• **WORK INSTRUCTIONS**:
Copy out the data that comes next, character for character, and leave the images aside.

• **RECORDS FOR THIS TASK**:

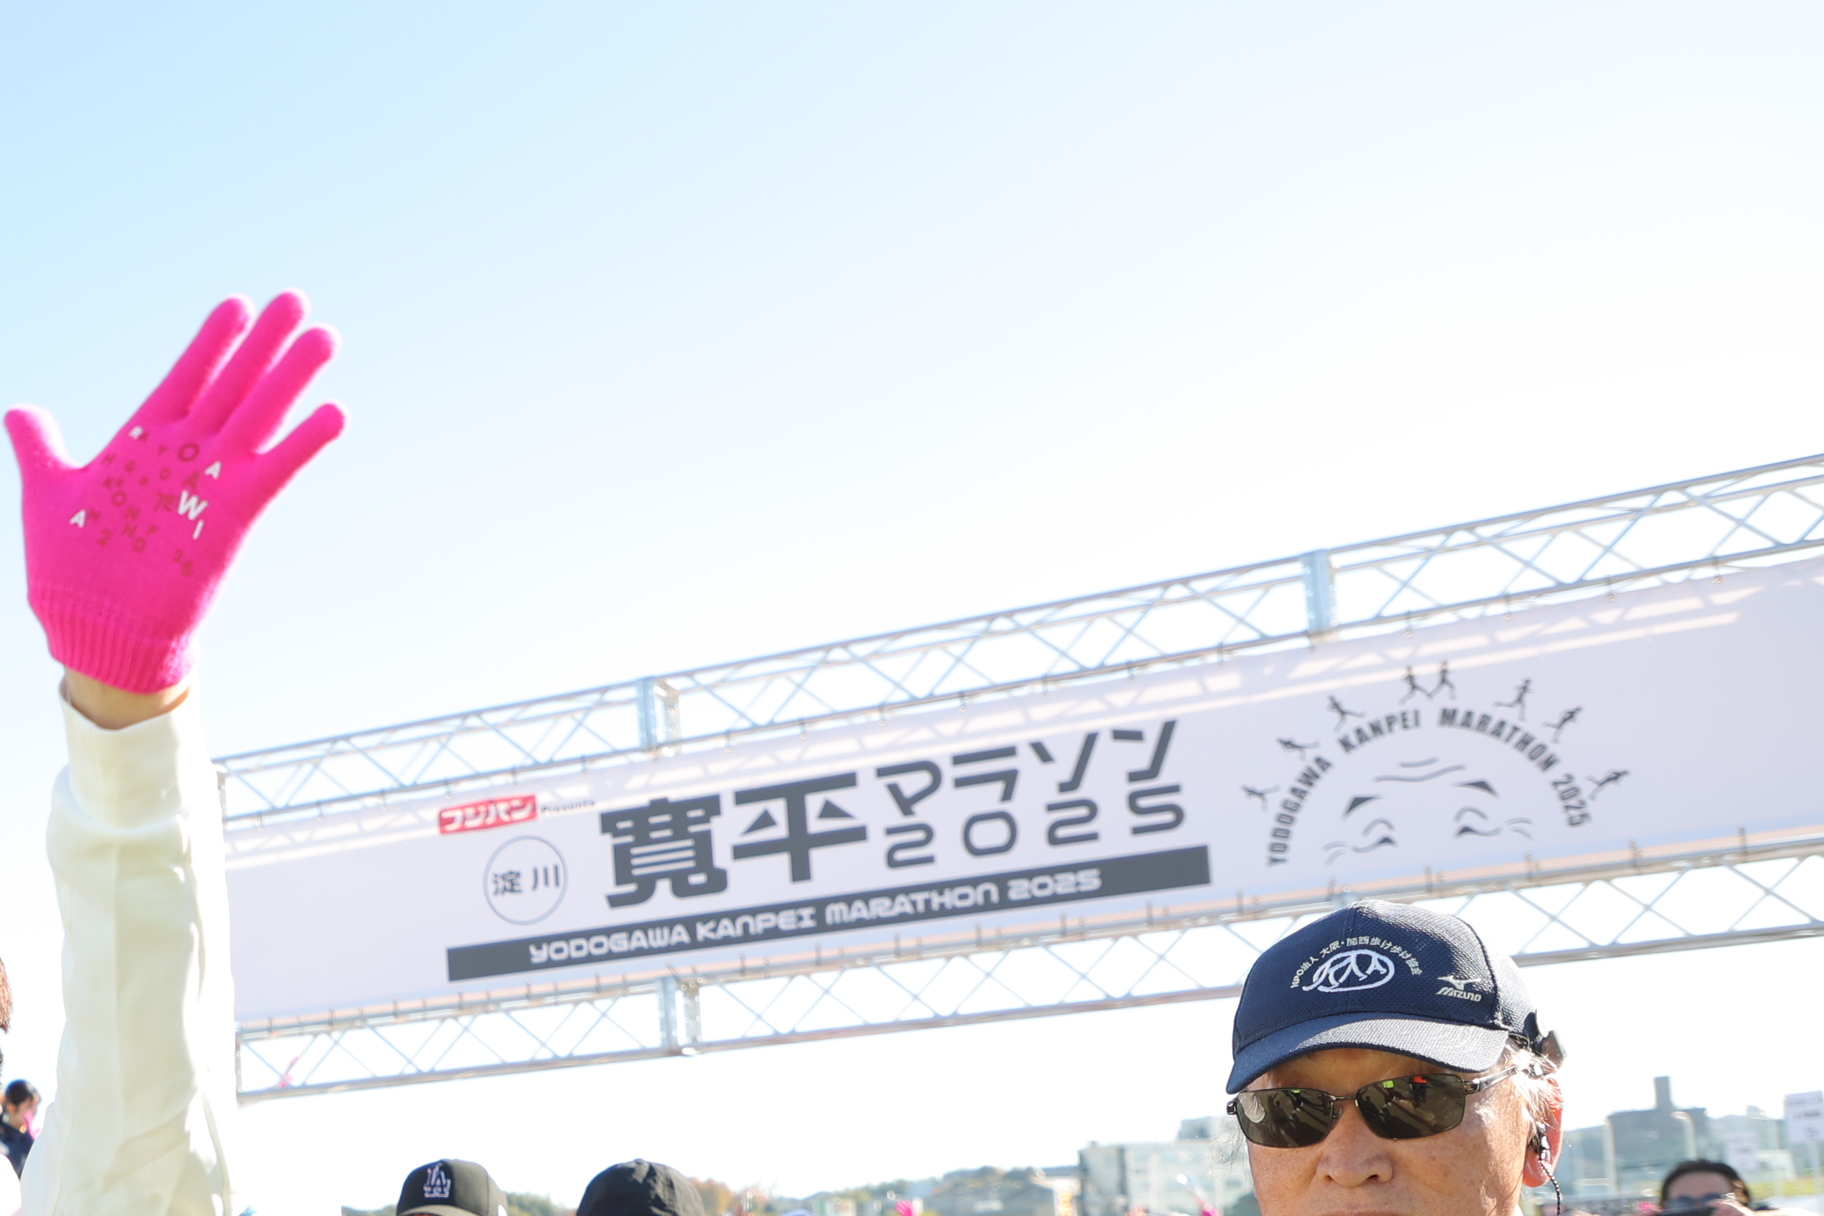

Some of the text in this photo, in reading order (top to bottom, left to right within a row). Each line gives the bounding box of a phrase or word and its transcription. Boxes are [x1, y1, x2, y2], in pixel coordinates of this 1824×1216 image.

[1267, 706, 1592, 867] YODOGAWA KANPEI MARATHON 2025
[440, 798, 536, 832] フジパン
[884, 783, 1186, 870] 2025
[491, 863, 562, 897] 淀川
[529, 868, 1102, 964] YODOGAWA KANPEI MARATHON 2025
[1435, 986, 1482, 1002] MIZUNO
[423, 1163, 451, 1198] LA
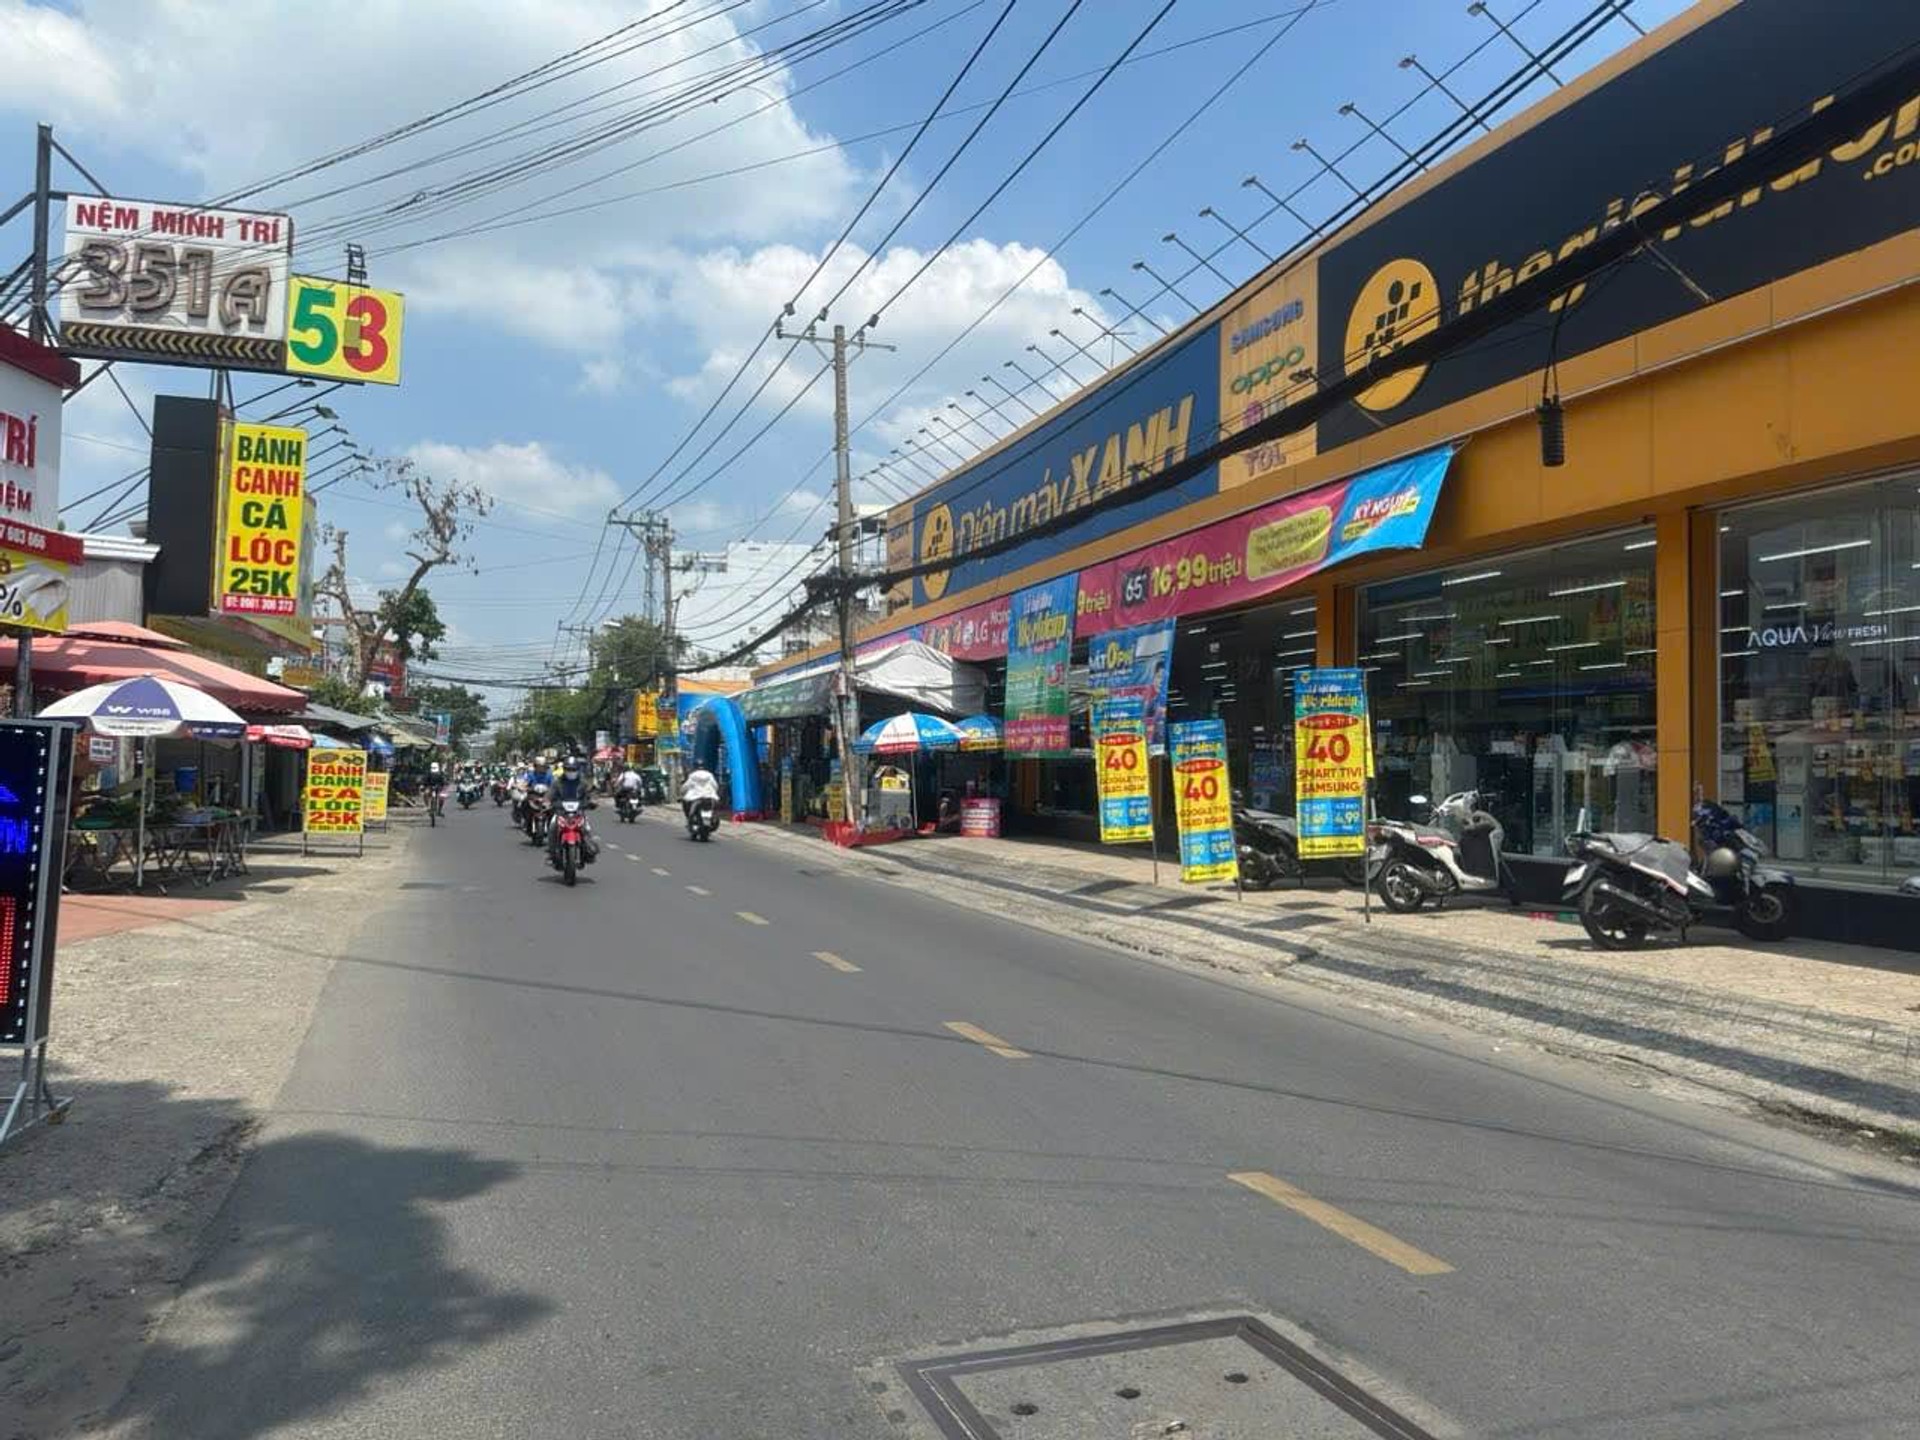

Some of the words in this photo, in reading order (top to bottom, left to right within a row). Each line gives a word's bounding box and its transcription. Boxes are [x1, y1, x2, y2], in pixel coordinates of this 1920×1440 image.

[76, 202, 139, 232] NỆM
[152, 210, 224, 239] MINH
[238, 217, 280, 244] TRÍ
[289, 288, 389, 372] 53
[238, 432, 302, 467] BÁNH
[235, 467, 300, 498] CANH
[242, 498, 288, 530] CÁ
[231, 533, 296, 566] LÓC
[230, 569, 291, 597] 25K
[1152, 554, 1207, 598] 16,99
[1209, 552, 1242, 586] triệu
[1848, 624, 1888, 639] FRESH
[1105, 748, 1138, 771] 40
[1307, 734, 1351, 763] 40
[311, 776, 362, 787] CANH
[1184, 776, 1219, 802] 40
[1301, 781, 1361, 794] SAMSUNG
[309, 812, 359, 825] 25K
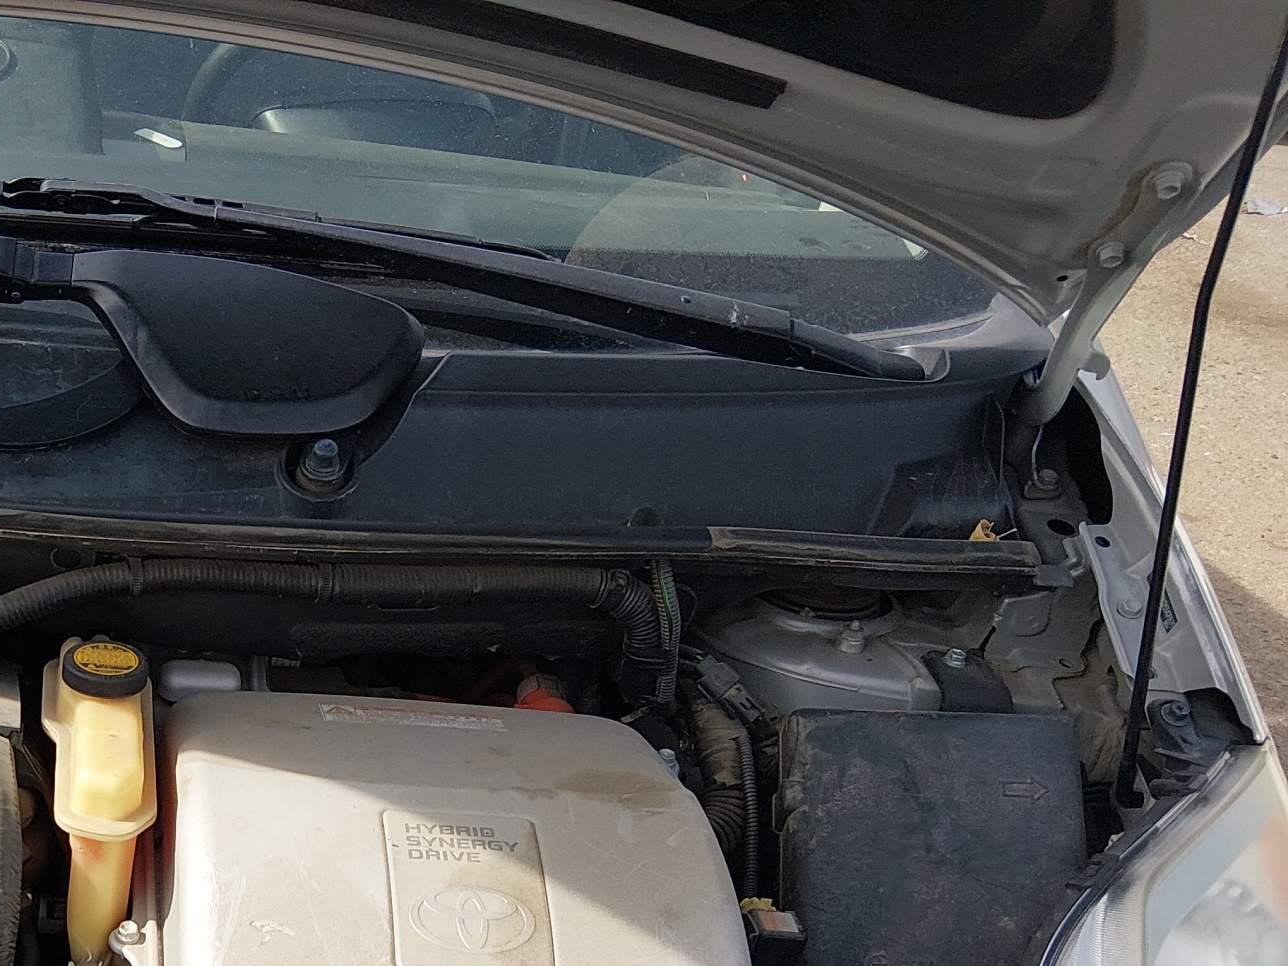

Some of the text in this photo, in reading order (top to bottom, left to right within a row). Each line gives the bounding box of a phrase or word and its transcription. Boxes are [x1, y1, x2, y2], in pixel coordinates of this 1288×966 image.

• **ANSWER TO THE EXERCISE**:
Some of the text in this photo, in reading order (top to bottom, left to right within a row). Each line gives the bounding box of a phrase or word and its transcription. Boxes are [x1, y1, x2, y2], in pixel coordinates of this 1824×1216 image.

[1267, 706, 1592, 867] YODOGAWA KANPEI MARATHON 2025
[440, 798, 536, 832] フジパン
[884, 783, 1186, 870] 2025
[491, 863, 562, 897] 淀川
[529, 868, 1102, 964] YODOGAWA KANPEI MARATHON 2025
[1435, 986, 1482, 1002] MIZUNO
[423, 1163, 451, 1198] LA

Some of the words in this photo, in reading order (top to bottom, left to right within a row). Each line gives a word's bounding box and its transcription. Boxes are [x1, y1, x2, y2], in pixel coordinates of this 1920×1440 image.

[76, 202, 139, 232] NỆM
[152, 210, 224, 239] MINH
[238, 217, 280, 244] TRÍ
[289, 288, 389, 372] 53
[238, 432, 302, 467] BÁNH
[235, 467, 300, 498] CANH
[242, 498, 288, 530] CÁ
[231, 533, 296, 566] LÓC
[230, 569, 291, 597] 25K
[1152, 554, 1207, 598] 16,99
[1209, 552, 1242, 586] triệu
[1848, 624, 1888, 639] FRESH
[1105, 748, 1138, 771] 40
[1307, 734, 1351, 763] 40
[311, 776, 362, 787] CANH
[1184, 776, 1219, 802] 40
[1301, 781, 1361, 794] SAMSUNG
[309, 812, 359, 825] 25K

Some of the text in this photo, in reading order (top to bottom, left to right within a row). Each line gives the bounding box of a phrase or word and its transcription. Boxes are [x1, y1, x2, y2], in pixel coordinates of this 1288×966 image.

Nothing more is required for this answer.